_Task_
Copy everything in the listing below word for word, apart from any images.

_Provided records_
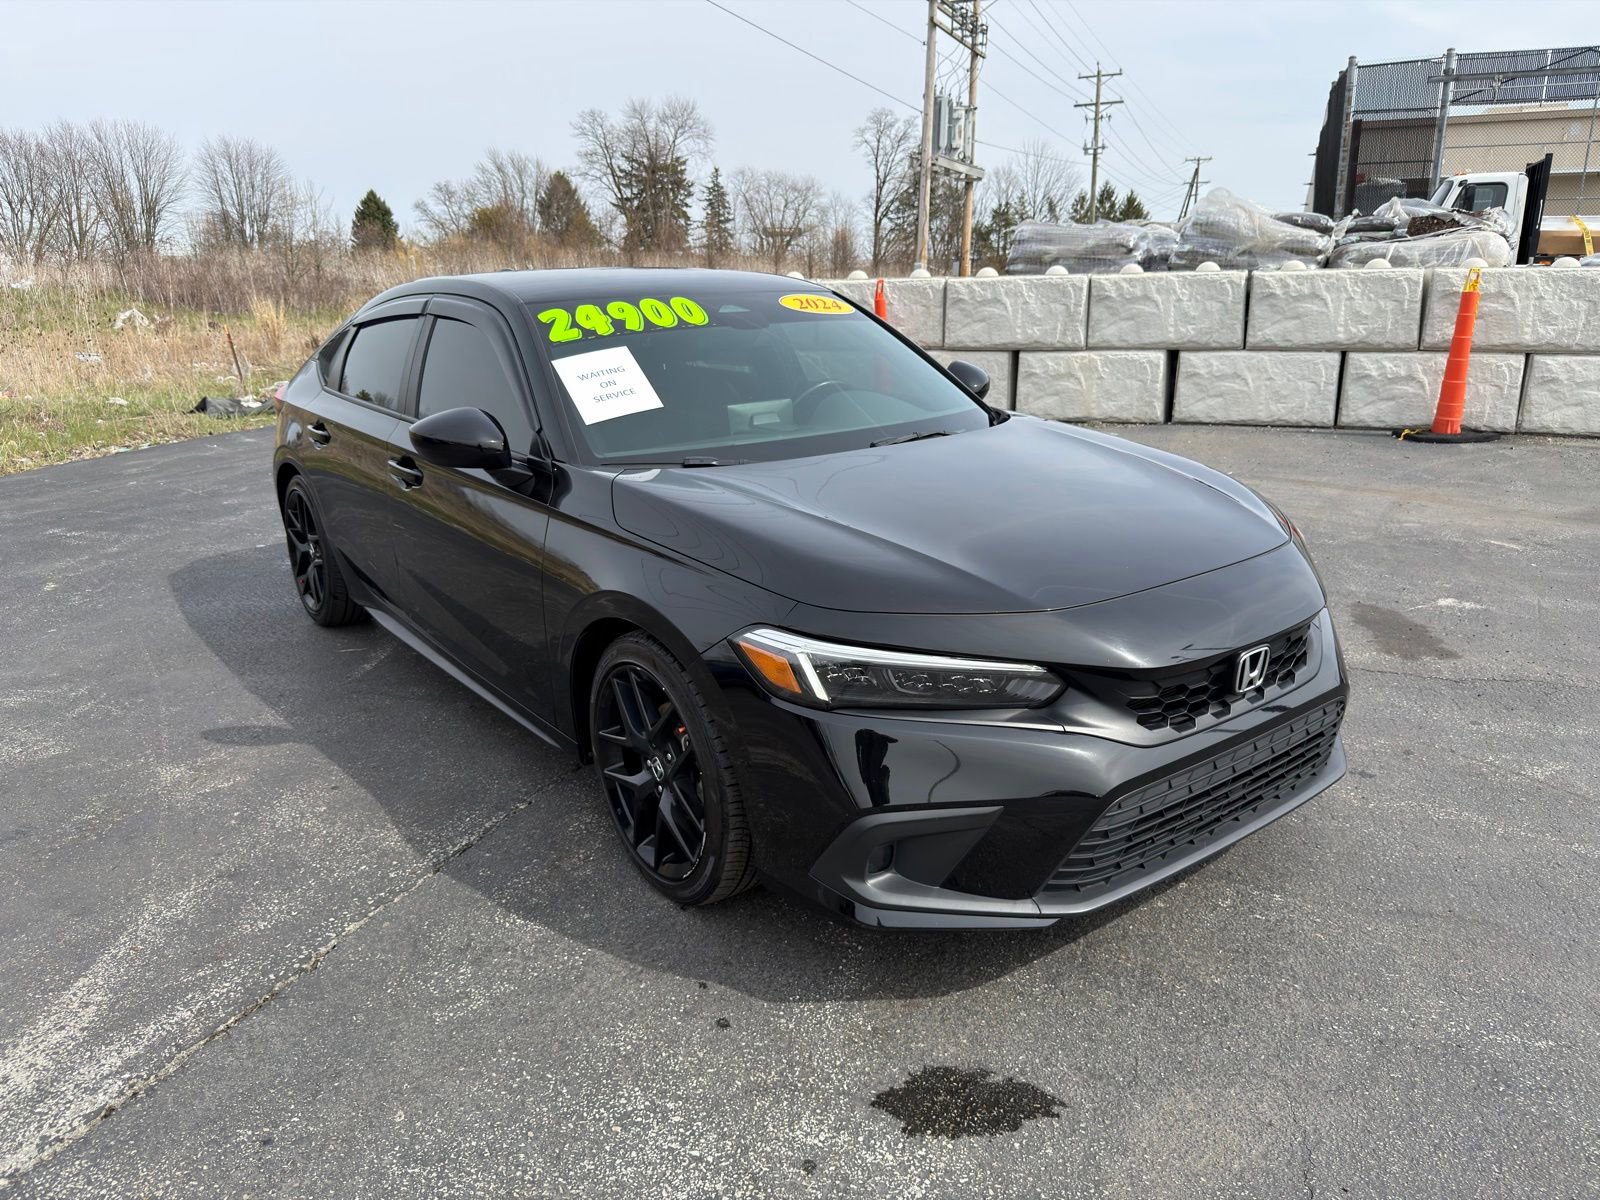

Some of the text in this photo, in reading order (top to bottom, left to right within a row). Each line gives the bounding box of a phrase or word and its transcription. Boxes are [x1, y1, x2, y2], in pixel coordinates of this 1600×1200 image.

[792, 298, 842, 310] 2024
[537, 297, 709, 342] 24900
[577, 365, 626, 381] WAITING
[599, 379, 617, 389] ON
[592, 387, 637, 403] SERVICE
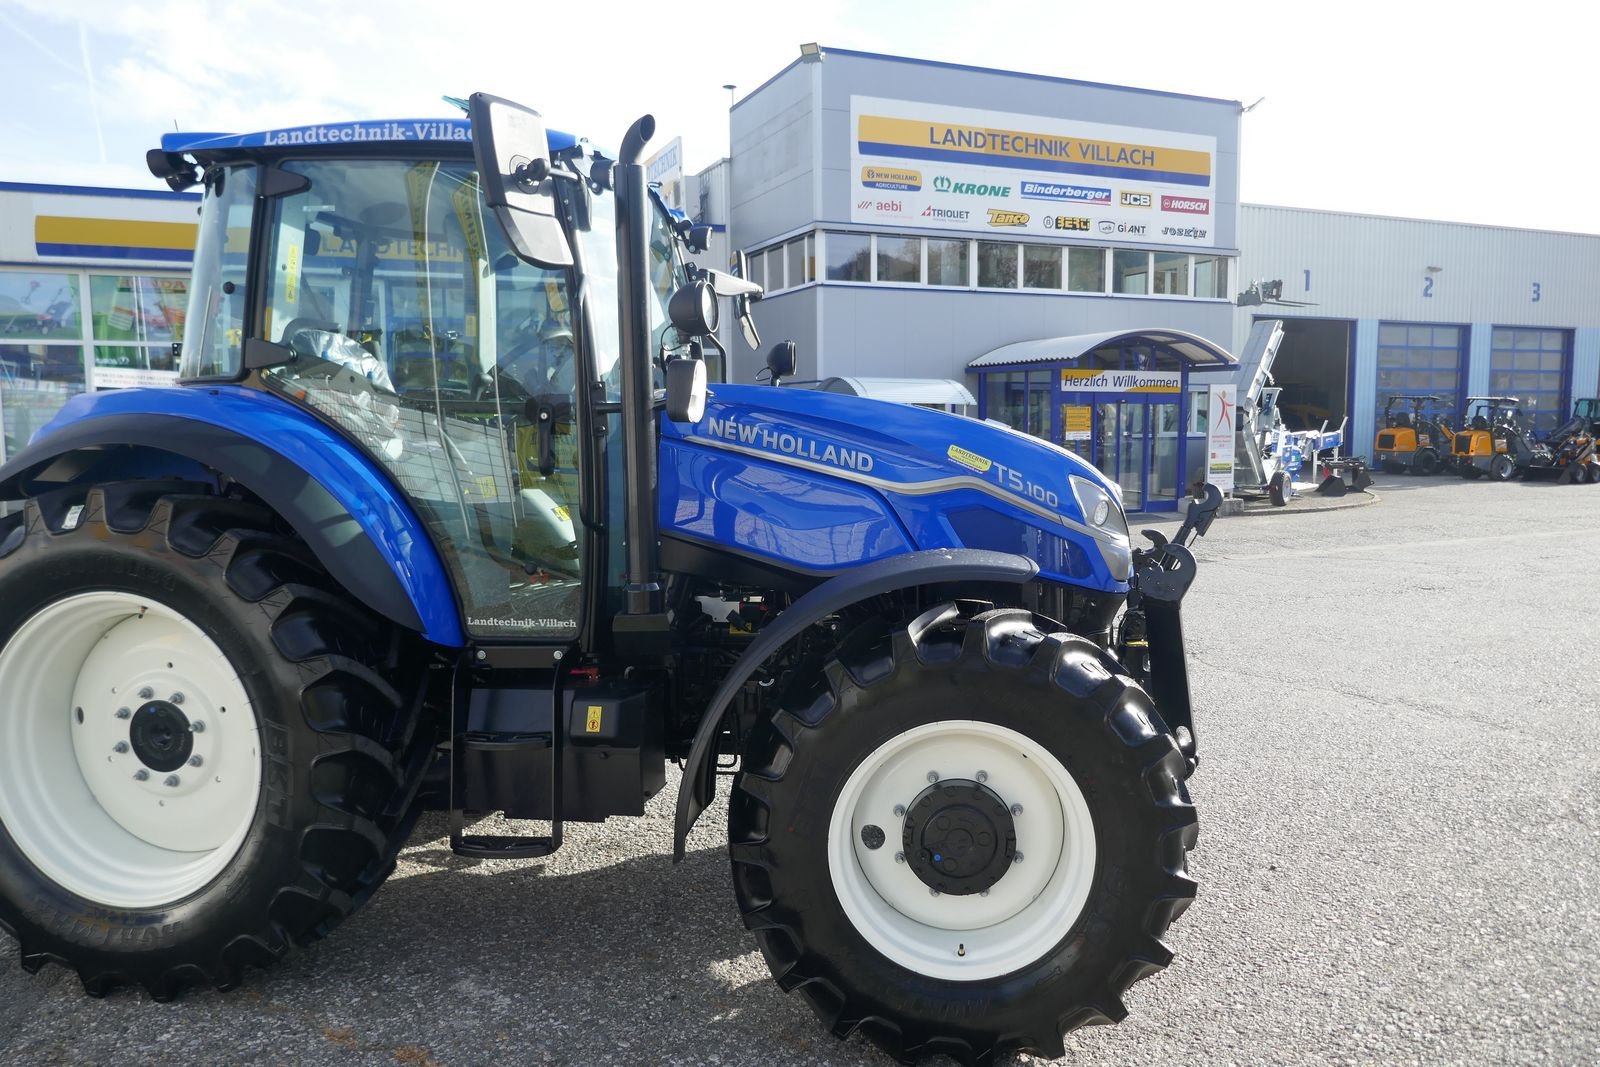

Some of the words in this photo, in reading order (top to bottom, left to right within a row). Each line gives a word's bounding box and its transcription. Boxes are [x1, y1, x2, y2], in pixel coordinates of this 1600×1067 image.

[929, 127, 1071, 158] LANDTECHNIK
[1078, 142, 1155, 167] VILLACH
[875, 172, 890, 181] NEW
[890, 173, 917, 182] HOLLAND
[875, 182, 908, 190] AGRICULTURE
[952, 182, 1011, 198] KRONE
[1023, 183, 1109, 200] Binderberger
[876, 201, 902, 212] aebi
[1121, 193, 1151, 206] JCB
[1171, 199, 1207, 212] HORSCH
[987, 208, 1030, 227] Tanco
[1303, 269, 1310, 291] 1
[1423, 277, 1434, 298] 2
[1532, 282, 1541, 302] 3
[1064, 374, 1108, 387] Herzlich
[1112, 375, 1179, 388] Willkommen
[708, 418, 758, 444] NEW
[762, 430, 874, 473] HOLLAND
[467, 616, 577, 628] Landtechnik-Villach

_Expected answer_
Some of the text in this photo, in reading order (top to bottom, left to right within a row). Each line gives the bounding box of a phrase or word and its transcription. Boxes are [x1, y1, x2, y2], in pixel coordinates of this 1600×1200 image.

[792, 298, 842, 310] 2024
[537, 297, 709, 342] 24900
[577, 365, 626, 381] WAITING
[599, 379, 617, 389] ON
[592, 387, 637, 403] SERVICE

Some of the words in this photo, in reading order (top to bottom, left to right within a row). Each line gives a word's bounding box and its transcription. Boxes are [x1, y1, x2, y2], in pixel coordinates of this 1600×1067 image.

[929, 127, 1071, 158] LANDTECHNIK
[1078, 142, 1155, 167] VILLACH
[875, 172, 890, 181] NEW
[890, 173, 917, 182] HOLLAND
[875, 182, 908, 190] AGRICULTURE
[952, 182, 1011, 198] KRONE
[1023, 183, 1109, 200] Binderberger
[876, 201, 902, 212] aebi
[1121, 193, 1151, 206] JCB
[1171, 199, 1207, 212] HORSCH
[987, 208, 1030, 227] Tanco
[1303, 269, 1310, 291] 1
[1423, 277, 1434, 298] 2
[1532, 282, 1541, 302] 3
[1064, 374, 1108, 387] Herzlich
[1112, 375, 1179, 388] Willkommen
[708, 418, 758, 444] NEW
[762, 430, 874, 473] HOLLAND
[467, 616, 577, 628] Landtechnik-Villach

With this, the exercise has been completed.